SS) Se é facto que estamos perante um crédito habitação diluído no tempo, situação em que o mutuário fica vinculado a reembolsar o empréstimo por períodos largos, e em que as circunstâncias subjacentes a cada umas das faltas de pagamento podem ser diferentes, isso não significa, nem pode significar, que em relação a cada incumprimento possam ser ignorados os prazos.
TT) As cartas de integração em PERSI dos Recorrentes no caso em concreto, datadas de 14/07/2021, reportam-se a prestações vencidas entre dezembro de 2020 e junho de 2021, sendo manifesto que a Recorrida não iniciou o PERSI corretamente, ao não integrar os Recorrentes em PERSI entre o 31º dia e o 60º dia subsequentes à data de vencimento da obrigação em causa (cfr. art.º 14.º do DL n.º 227/2012),
UU) Pelo menos no que diz respeito a 5 das prestações indicadas, facto esse que o Tribunal da Relação reconhece expressamente, não se retirando desse facto provado e demonstrado a necessária consequência.

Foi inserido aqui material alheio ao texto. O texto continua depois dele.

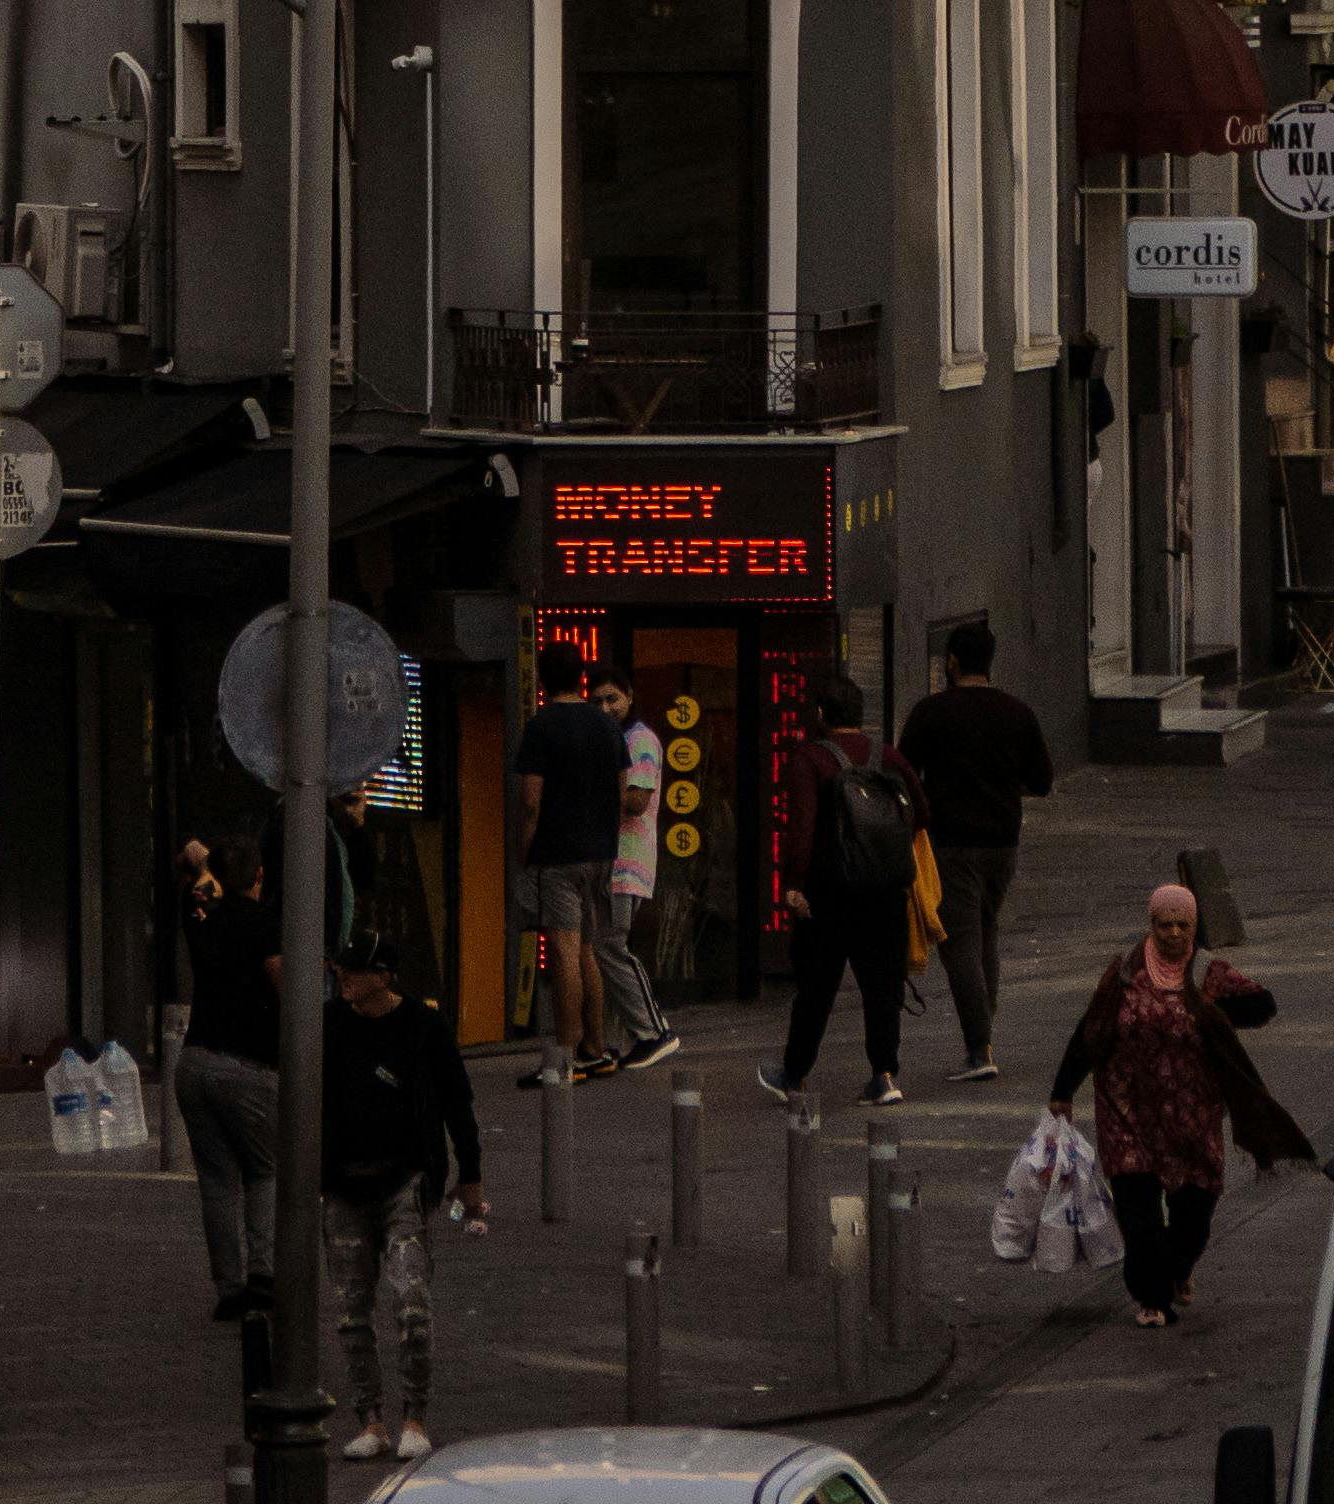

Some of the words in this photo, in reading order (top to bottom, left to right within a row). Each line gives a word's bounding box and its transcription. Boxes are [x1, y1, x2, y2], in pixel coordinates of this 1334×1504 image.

[1269, 123, 1316, 150] MAY
[1135, 233, 1241, 266] cordis
[1193, 271, 1240, 285] hotel
[556, 484, 722, 520] MONEY
[556, 539, 810, 575] TRANSFER

VV) Aliás, nem tão-pouco se percebe o que acontece aos valores vencidos e não pagos mas não integrados corretamente em PERSI desde o início do incumprimento que remonta a 2017.

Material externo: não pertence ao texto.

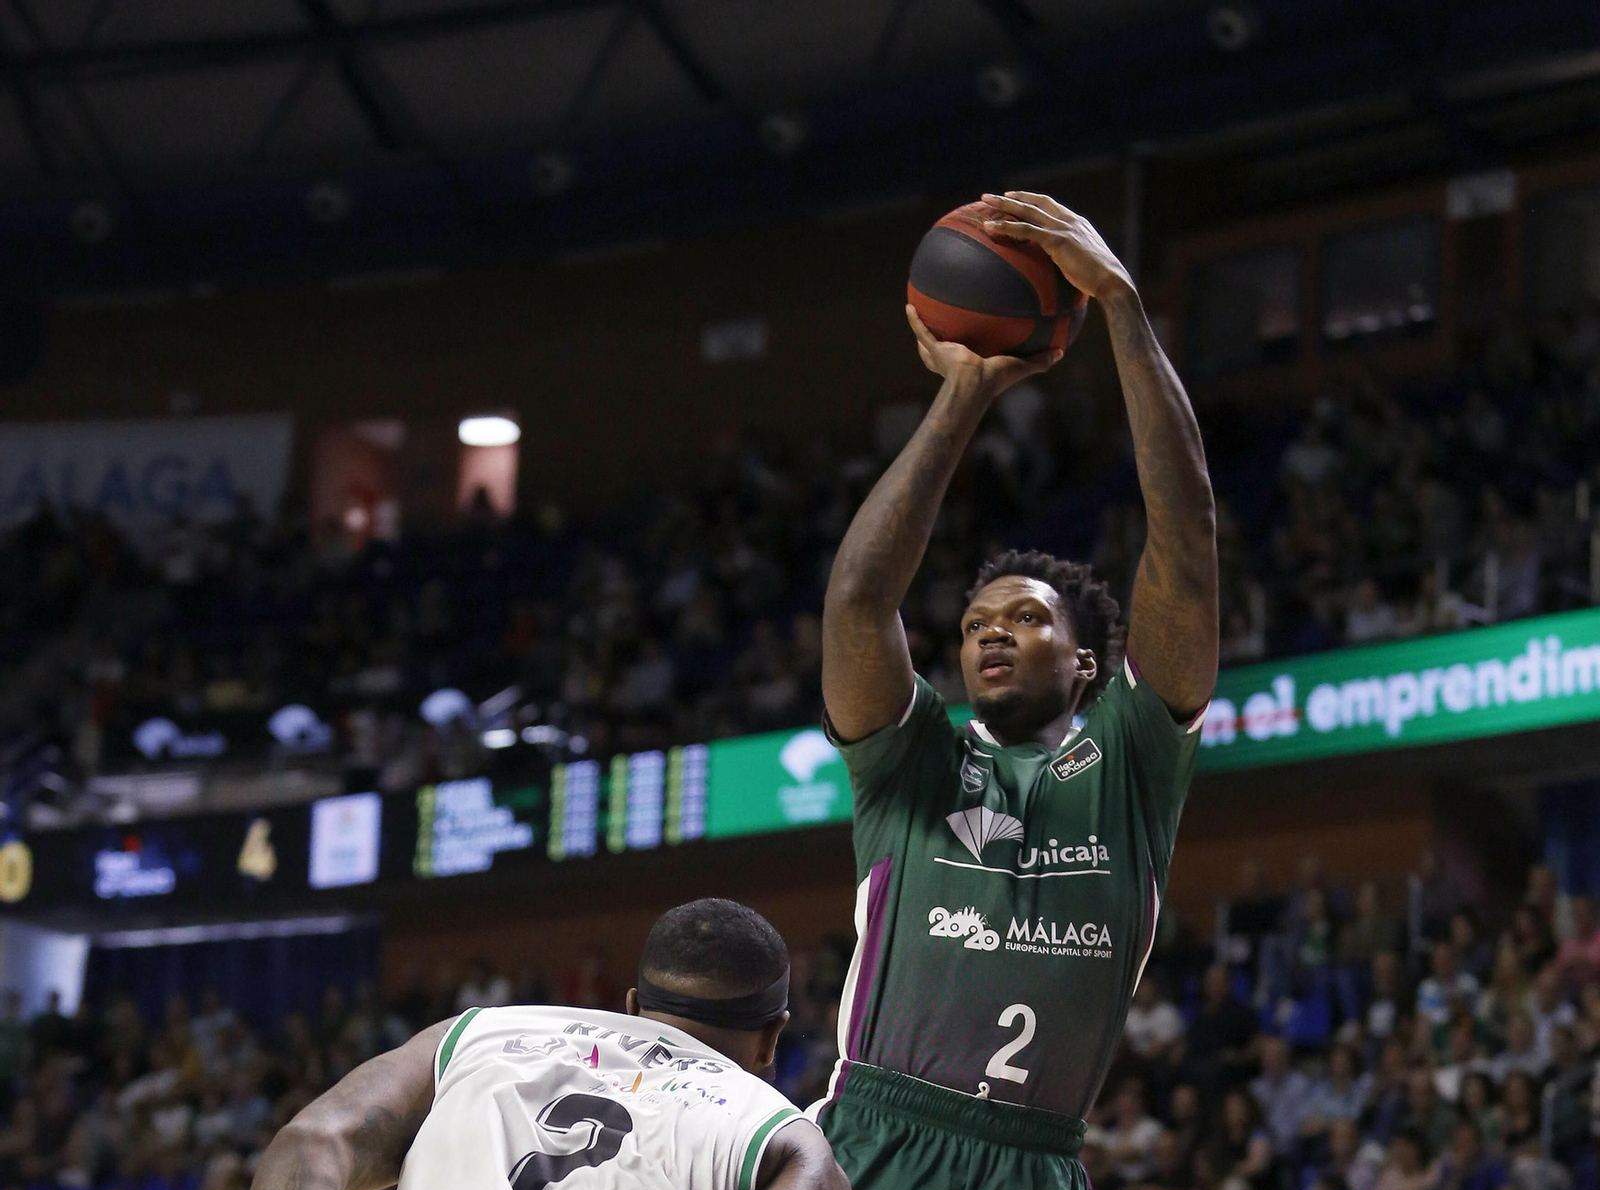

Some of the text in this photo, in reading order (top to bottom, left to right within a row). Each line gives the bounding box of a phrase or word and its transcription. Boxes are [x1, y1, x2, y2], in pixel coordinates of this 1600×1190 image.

WW) A verdade é que a manterem-se as decisões da 1.ª instância e o Acórdão ora recorrido, sai premiada uma atuação contra legis da Recorrida que não só não permitiu a integração em PERSI em 2017, como o fez, conscientemente, em relação às prestações vencidas entre dezembro de 2020 e junho de 2021.
XX) A argumentação de que “… tendo os executados pleno conhecimento do referido “atraso” no cumprimento das suas obrigações, com as execuções anteriormente instauradas, situação que não se alterou, afigura-se-nos que não era exigível que a exequente lhes desse “conhecimento” do mesmo (art. 13º), antes sendo exigível que os integrasse no PERSI, alcançando os objetivos que o decreto lei visa (a composição extrajudicial, e por mútuo acordo, da situação de incumprimento), em face da manutenção desta situação.” não só é parca como sem correspondência no diploma legal aplicável.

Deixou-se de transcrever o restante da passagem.